MATERIAL FOR THIS EXERCISE: Begin

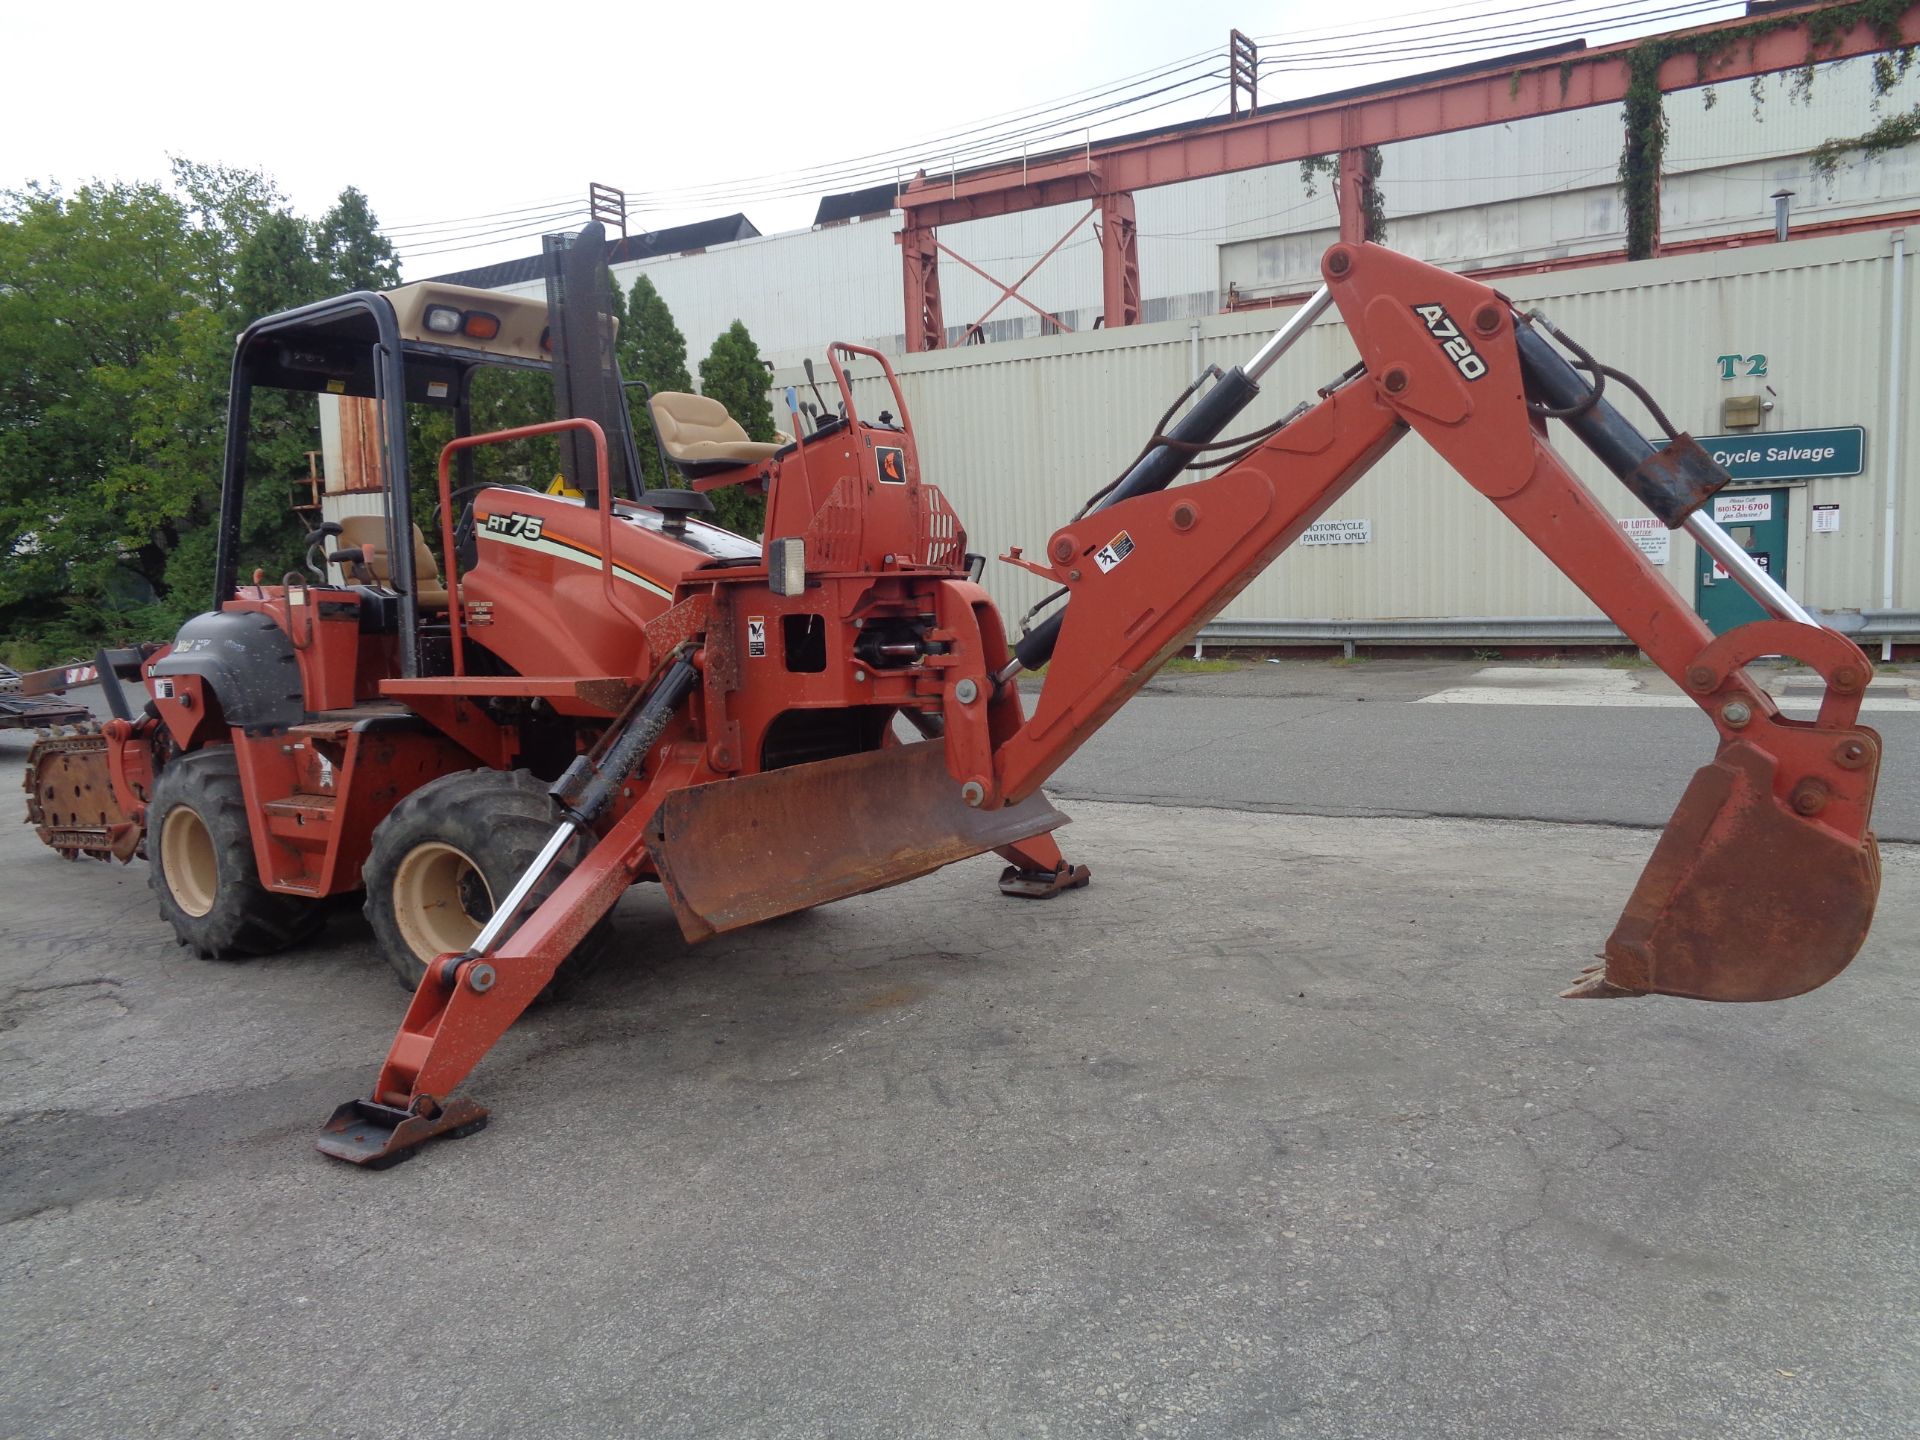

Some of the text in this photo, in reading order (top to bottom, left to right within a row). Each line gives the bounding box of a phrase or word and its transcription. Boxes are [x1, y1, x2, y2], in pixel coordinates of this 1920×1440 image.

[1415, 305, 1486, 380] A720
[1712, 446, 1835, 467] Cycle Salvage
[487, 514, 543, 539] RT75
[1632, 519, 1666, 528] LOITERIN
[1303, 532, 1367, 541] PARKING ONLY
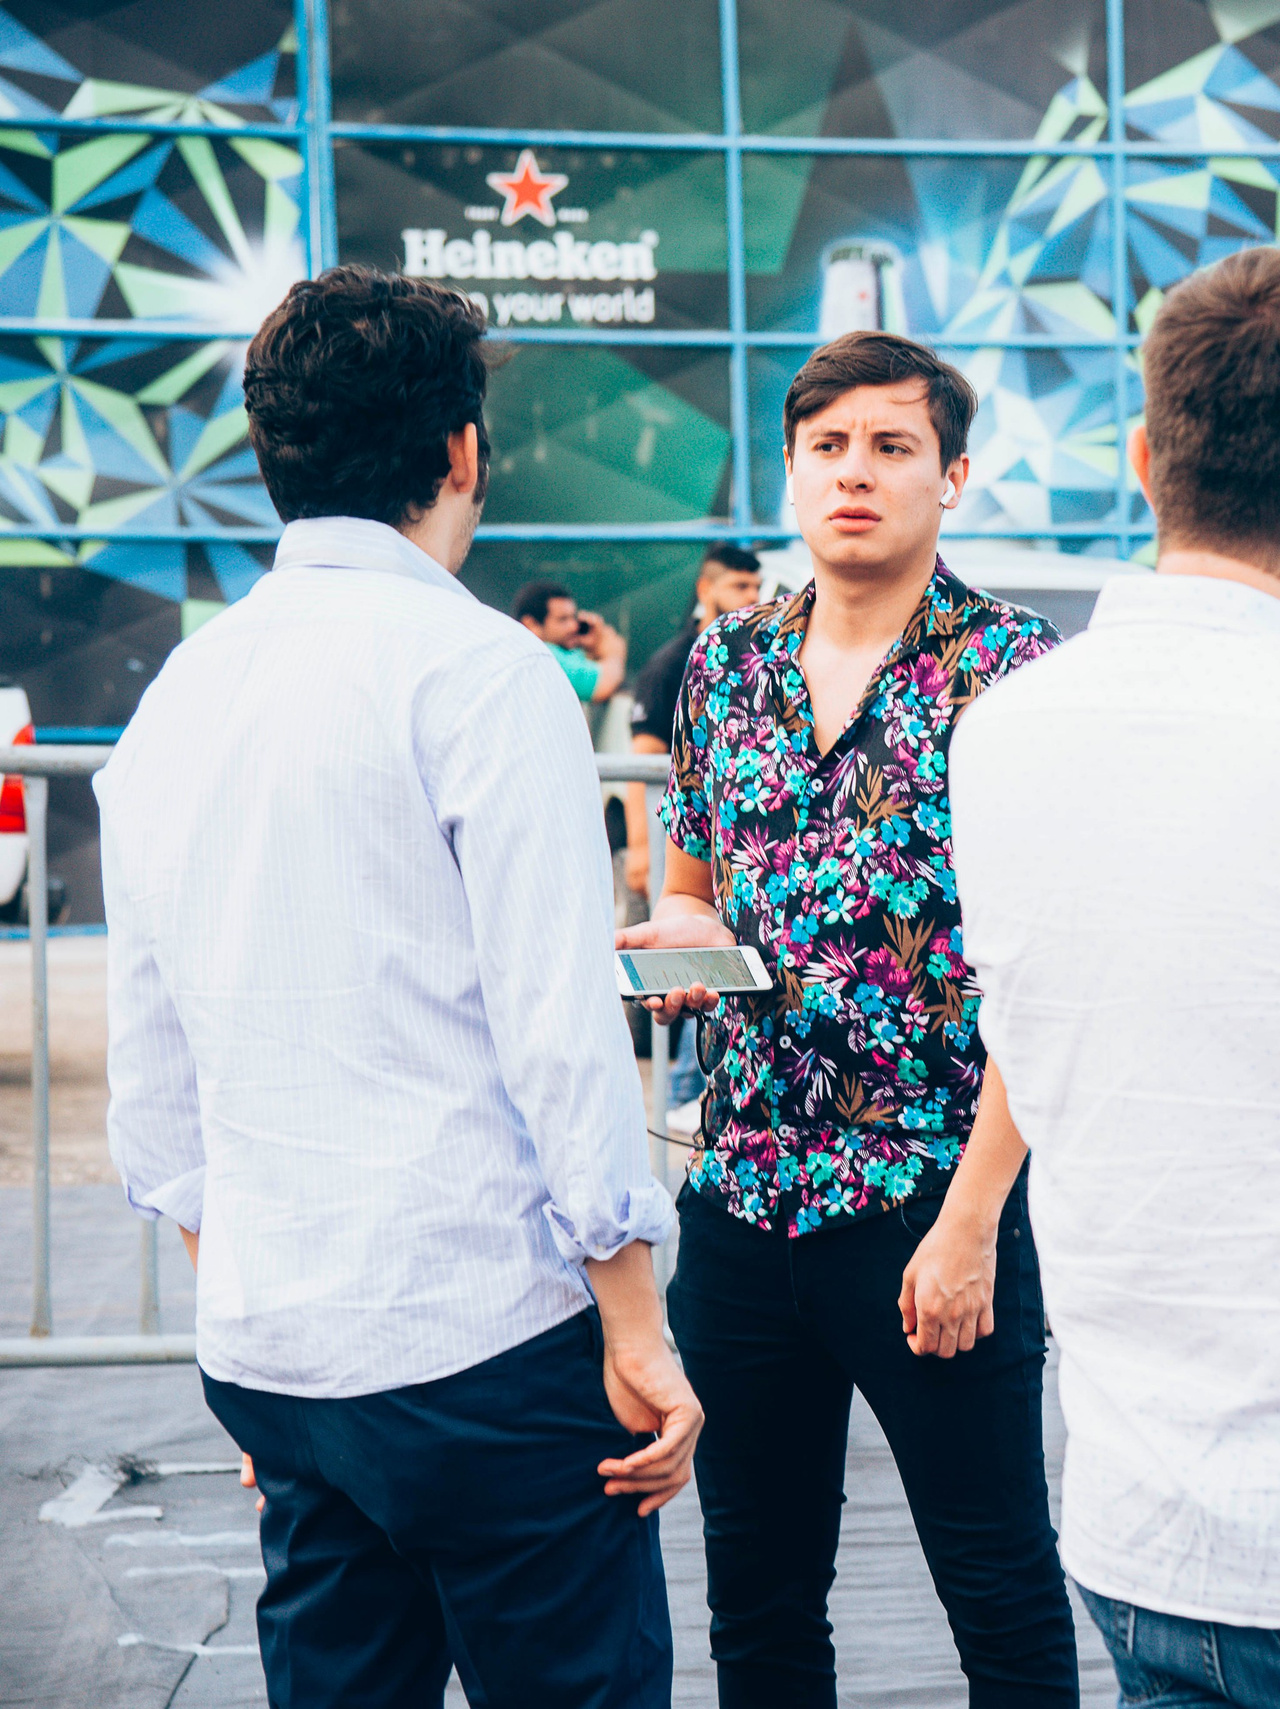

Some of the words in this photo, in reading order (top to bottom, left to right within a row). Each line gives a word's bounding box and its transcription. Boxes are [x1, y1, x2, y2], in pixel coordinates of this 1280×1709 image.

MATERIAL FOR THIS EXERCISE: End

Would you please retype the material above exactly and leave out each picture?

## ANSWER BOX
Some of the text in this photo, in reading order (top to bottom, left to right within a row). Each line gives the bounding box of a phrase or word and its transcription. Boxes are [x1, y1, x2, y2], in pixel coordinates of this 1920×1440 image.

[1415, 305, 1486, 380] A720
[1712, 446, 1835, 467] Cycle Salvage
[487, 514, 543, 539] RT75
[1632, 519, 1666, 528] LOITERIN
[1303, 532, 1367, 541] PARKING ONLY

Some of the words in this photo, in reading order (top to bottom, left to right within a row). Each line gives a word's bounding box and its transcription. Boxes are [x1, y1, x2, y2], in pixel coordinates of this 1280×1709 image.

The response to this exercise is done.